_WORK INSTRUCTIONS:_
The full set of entries below should be transcribed exactly.

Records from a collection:

========================================================================

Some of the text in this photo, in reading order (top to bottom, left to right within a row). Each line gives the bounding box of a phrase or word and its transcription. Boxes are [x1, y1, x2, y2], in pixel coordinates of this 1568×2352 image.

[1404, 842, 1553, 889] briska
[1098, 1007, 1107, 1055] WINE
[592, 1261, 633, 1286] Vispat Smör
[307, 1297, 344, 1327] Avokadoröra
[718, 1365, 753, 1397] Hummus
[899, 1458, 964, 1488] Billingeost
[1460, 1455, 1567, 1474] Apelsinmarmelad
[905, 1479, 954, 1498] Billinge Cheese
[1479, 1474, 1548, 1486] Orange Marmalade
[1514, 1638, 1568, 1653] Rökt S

========================================================================

_SOLUTION TO THE EXERCISE:_
Some of the text in this photo, in reading order (top to bottom, left to right within a row). Each line gives the bounding box of a phrase or word and its transcription. Boxes are [x1, y1, x2, y2], in pixel coordinates of this 1568×2352 image.

[1404, 842, 1553, 889] briska
[1098, 1007, 1107, 1055] WINE
[592, 1261, 633, 1286] Vispat Smör
[307, 1297, 344, 1327] Avokadoröra
[718, 1365, 753, 1397] Hummus
[899, 1458, 964, 1488] Billingeost
[1460, 1455, 1567, 1474] Apelsinmarmelad
[905, 1479, 954, 1498] Billinge Cheese
[1479, 1474, 1548, 1486] Orange Marmalade
[1514, 1638, 1568, 1653] Rökt S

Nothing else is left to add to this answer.